=== Section Start ===

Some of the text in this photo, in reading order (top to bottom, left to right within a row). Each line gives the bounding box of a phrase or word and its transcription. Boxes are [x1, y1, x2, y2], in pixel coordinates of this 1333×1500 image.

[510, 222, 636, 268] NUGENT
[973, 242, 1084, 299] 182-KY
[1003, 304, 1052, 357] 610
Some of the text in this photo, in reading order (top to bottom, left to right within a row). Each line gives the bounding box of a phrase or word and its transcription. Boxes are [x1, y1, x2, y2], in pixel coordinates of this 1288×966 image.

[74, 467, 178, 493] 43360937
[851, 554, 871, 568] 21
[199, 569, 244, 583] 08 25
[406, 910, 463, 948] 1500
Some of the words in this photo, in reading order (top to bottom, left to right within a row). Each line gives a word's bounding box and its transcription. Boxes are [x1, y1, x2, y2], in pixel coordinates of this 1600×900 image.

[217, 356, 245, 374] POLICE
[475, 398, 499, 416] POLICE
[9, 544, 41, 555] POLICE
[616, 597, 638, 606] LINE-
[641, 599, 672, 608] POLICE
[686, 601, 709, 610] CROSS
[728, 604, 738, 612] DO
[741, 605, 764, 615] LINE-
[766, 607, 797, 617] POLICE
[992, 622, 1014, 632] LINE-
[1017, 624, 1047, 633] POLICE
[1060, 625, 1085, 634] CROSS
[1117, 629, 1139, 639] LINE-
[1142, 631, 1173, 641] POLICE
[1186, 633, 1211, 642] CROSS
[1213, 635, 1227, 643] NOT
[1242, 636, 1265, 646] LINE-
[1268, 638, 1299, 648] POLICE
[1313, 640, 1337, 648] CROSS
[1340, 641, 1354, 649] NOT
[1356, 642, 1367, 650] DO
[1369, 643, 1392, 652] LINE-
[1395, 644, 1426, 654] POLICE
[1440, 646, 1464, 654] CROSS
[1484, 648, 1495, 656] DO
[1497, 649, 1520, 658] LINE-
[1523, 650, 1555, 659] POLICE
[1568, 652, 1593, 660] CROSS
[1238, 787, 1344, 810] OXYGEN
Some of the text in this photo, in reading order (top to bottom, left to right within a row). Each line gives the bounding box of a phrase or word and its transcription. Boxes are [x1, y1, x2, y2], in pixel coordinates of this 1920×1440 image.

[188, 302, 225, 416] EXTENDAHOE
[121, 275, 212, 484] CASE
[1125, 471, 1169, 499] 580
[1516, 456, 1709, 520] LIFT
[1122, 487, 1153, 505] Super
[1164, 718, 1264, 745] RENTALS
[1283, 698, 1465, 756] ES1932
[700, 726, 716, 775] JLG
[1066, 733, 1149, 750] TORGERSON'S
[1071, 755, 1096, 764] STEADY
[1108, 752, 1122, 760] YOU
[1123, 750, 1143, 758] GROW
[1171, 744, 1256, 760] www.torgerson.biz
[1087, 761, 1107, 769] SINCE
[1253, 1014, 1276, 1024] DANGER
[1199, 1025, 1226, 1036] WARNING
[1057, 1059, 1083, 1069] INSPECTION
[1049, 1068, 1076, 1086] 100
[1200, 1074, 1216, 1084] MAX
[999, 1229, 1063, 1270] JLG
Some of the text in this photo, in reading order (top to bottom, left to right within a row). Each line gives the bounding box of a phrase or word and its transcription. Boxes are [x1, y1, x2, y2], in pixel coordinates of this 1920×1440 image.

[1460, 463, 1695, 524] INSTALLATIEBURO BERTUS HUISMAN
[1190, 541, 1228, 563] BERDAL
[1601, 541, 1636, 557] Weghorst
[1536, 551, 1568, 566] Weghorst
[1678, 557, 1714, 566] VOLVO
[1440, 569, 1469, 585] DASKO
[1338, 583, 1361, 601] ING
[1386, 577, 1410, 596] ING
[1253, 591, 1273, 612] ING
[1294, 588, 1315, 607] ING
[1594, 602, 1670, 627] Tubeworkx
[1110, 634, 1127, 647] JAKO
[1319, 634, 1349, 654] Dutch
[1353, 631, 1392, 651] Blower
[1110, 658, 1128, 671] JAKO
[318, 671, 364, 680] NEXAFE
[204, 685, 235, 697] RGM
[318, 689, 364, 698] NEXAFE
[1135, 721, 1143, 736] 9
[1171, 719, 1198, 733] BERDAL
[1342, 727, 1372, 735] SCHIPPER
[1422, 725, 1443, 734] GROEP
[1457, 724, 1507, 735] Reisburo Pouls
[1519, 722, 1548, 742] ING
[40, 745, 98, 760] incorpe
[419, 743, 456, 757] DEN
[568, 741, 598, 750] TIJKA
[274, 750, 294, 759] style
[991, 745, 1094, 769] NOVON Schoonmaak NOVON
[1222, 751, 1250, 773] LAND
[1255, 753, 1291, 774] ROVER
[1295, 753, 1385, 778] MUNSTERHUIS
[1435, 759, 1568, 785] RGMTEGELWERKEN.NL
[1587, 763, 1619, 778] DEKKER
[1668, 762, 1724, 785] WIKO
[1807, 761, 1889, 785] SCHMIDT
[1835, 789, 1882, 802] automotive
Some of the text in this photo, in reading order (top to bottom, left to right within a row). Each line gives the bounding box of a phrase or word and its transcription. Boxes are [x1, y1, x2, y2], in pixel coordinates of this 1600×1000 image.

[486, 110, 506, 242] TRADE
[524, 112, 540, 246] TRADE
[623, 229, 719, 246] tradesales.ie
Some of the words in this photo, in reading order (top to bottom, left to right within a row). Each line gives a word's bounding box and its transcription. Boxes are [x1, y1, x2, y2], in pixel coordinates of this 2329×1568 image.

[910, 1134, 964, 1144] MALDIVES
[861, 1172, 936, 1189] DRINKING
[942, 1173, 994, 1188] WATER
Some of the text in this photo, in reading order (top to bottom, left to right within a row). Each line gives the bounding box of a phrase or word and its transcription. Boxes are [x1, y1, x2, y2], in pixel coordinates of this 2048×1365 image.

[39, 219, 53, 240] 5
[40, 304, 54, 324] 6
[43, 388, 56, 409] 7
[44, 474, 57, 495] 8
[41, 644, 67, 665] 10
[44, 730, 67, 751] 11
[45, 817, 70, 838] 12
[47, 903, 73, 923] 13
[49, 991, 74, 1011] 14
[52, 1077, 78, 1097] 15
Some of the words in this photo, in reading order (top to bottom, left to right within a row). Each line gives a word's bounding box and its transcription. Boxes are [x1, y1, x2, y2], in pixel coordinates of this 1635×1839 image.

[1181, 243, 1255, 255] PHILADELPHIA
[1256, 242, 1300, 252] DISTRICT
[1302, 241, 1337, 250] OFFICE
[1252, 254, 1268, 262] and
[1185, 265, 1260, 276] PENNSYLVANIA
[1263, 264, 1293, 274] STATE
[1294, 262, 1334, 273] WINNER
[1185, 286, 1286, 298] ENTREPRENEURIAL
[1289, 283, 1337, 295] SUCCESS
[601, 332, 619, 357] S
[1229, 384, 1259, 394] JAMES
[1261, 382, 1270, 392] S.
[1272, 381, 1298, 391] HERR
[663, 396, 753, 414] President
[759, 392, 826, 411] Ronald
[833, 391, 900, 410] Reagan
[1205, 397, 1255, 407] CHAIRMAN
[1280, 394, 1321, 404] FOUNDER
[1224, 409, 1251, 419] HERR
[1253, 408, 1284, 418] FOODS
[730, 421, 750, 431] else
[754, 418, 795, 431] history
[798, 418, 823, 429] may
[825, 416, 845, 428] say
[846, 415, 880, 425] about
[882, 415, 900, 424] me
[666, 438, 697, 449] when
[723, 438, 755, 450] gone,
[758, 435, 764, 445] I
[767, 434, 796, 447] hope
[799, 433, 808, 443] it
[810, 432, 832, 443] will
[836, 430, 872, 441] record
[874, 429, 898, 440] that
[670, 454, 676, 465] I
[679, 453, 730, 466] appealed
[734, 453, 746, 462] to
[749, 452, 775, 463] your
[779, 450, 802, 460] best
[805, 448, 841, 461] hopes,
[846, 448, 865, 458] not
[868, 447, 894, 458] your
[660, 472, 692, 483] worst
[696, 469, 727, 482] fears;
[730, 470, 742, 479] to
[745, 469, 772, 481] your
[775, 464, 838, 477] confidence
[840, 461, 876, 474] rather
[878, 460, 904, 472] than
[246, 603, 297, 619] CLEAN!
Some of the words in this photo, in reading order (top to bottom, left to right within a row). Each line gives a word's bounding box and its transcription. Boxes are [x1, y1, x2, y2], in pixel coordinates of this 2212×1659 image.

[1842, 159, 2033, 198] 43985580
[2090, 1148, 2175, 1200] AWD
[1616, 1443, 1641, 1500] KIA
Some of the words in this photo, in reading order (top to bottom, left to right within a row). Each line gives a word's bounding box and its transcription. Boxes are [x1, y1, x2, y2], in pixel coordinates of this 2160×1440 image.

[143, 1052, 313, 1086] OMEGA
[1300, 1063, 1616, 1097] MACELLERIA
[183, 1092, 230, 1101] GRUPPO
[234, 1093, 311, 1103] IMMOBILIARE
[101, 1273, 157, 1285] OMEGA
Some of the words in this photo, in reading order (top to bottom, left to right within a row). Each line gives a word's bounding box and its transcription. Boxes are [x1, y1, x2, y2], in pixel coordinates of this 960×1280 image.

=== Section End ===

**What this task involves:** From the line with "this 2212×1659 image." to the last line of the material, give every line again exactly, and only those lines.

**The completed task:**
Some of the words in this photo, in reading order (top to bottom, left to right within a row). Each line gives a word's bounding box and its transcription. Boxes are [x1, y1, x2, y2], in pixel coordinates of this 2212×1659 image.

[1842, 159, 2033, 198] 43985580
[2090, 1148, 2175, 1200] AWD
[1616, 1443, 1641, 1500] KIA
Some of the words in this photo, in reading order (top to bottom, left to right within a row). Each line gives a word's bounding box and its transcription. Boxes are [x1, y1, x2, y2], in pixel coordinates of this 2160×1440 image.

[143, 1052, 313, 1086] OMEGA
[1300, 1063, 1616, 1097] MACELLERIA
[183, 1092, 230, 1101] GRUPPO
[234, 1093, 311, 1103] IMMOBILIARE
[101, 1273, 157, 1285] OMEGA
Some of the words in this photo, in reading order (top to bottom, left to right within a row). Each line gives a word's bounding box and its transcription. Boxes are [x1, y1, x2, y2], in pixel coordinates of this 960×1280 image.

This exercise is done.